§ **EXERCISE DIRECTIONS**
The expected output is exactly the lines below, starting at the line with "this 1600×1200 image." and ending at the line with "this 1600×900 image.", both included; no other line belongs in it.
───── GIVEN DATA
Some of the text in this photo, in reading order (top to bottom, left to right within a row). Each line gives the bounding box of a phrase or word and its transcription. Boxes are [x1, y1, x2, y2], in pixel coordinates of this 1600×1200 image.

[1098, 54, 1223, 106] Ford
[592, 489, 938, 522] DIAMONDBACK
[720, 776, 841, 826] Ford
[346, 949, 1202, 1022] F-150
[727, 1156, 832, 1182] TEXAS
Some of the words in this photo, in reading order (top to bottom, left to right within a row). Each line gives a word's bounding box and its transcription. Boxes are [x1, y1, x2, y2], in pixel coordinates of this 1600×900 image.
──────────
───── GIVEN DATA
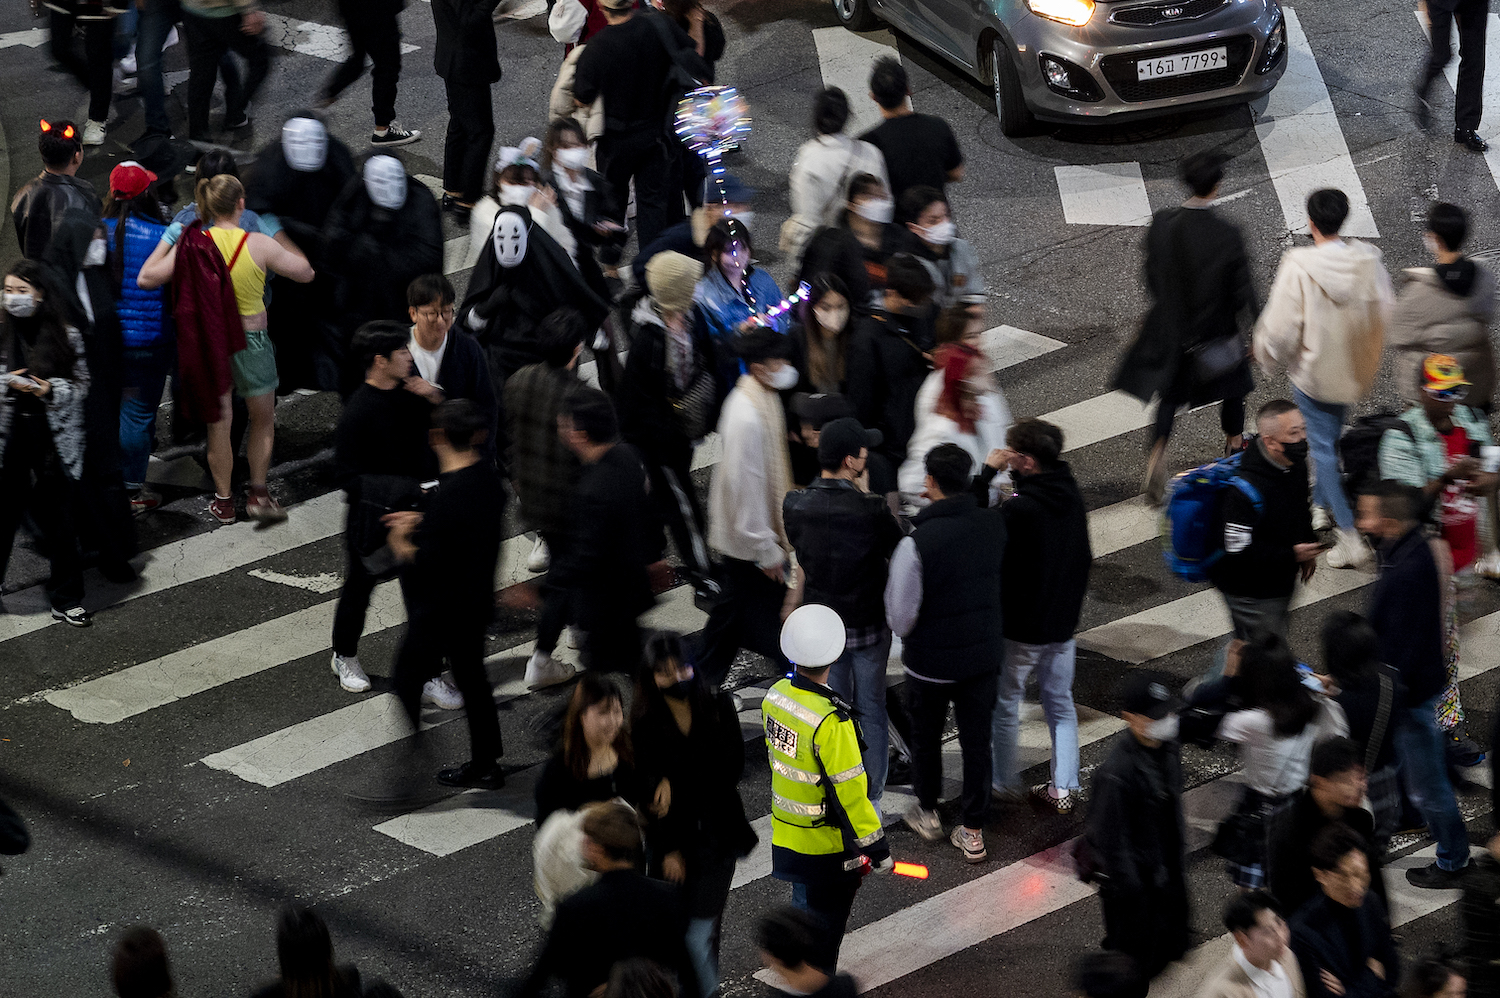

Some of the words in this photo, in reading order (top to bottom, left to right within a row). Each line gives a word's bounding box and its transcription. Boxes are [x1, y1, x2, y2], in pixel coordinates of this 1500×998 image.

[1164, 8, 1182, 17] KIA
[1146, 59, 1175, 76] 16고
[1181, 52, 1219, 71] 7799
──────────
───── GIVEN DATA
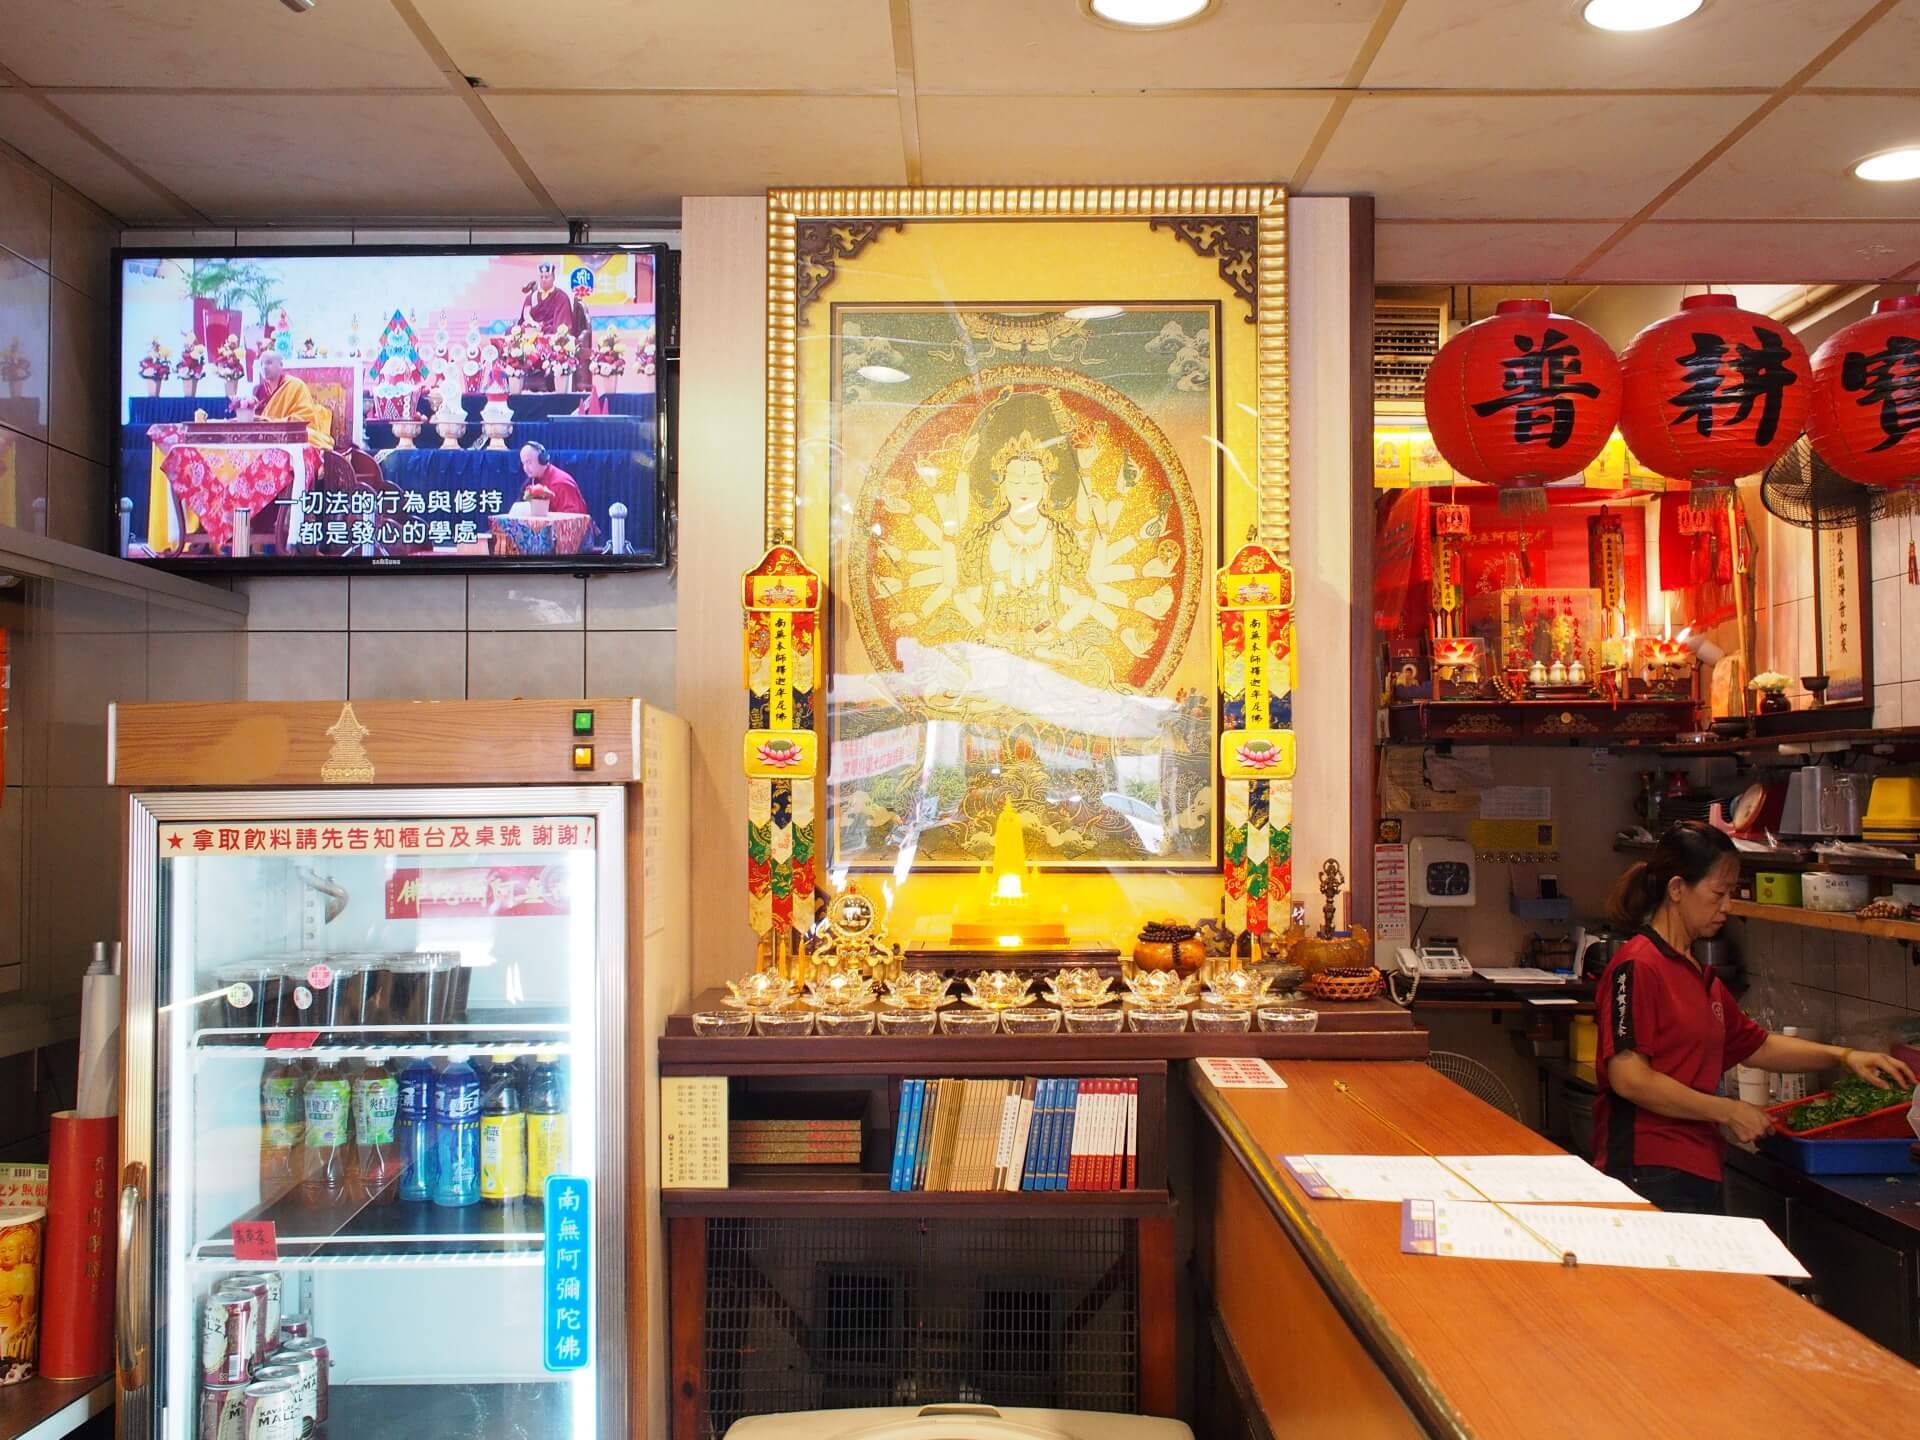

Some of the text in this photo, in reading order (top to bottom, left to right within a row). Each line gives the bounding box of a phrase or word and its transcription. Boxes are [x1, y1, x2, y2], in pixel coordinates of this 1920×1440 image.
──────────
§ **EXERCISE RESPONSE**
Some of the text in this photo, in reading order (top to bottom, left to right within a row). Each line gives the bounding box of a phrase or word and its transcription. Boxes are [x1, y1, x2, y2], in pixel coordinates of this 1600×1200 image.

[1098, 54, 1223, 106] Ford
[592, 489, 938, 522] DIAMONDBACK
[720, 776, 841, 826] Ford
[346, 949, 1202, 1022] F-150
[727, 1156, 832, 1182] TEXAS
Some of the words in this photo, in reading order (top to bottom, left to right within a row). Each line gives a word's bounding box and its transcription. Boxes are [x1, y1, x2, y2], in pixel coordinates of this 1600×900 image.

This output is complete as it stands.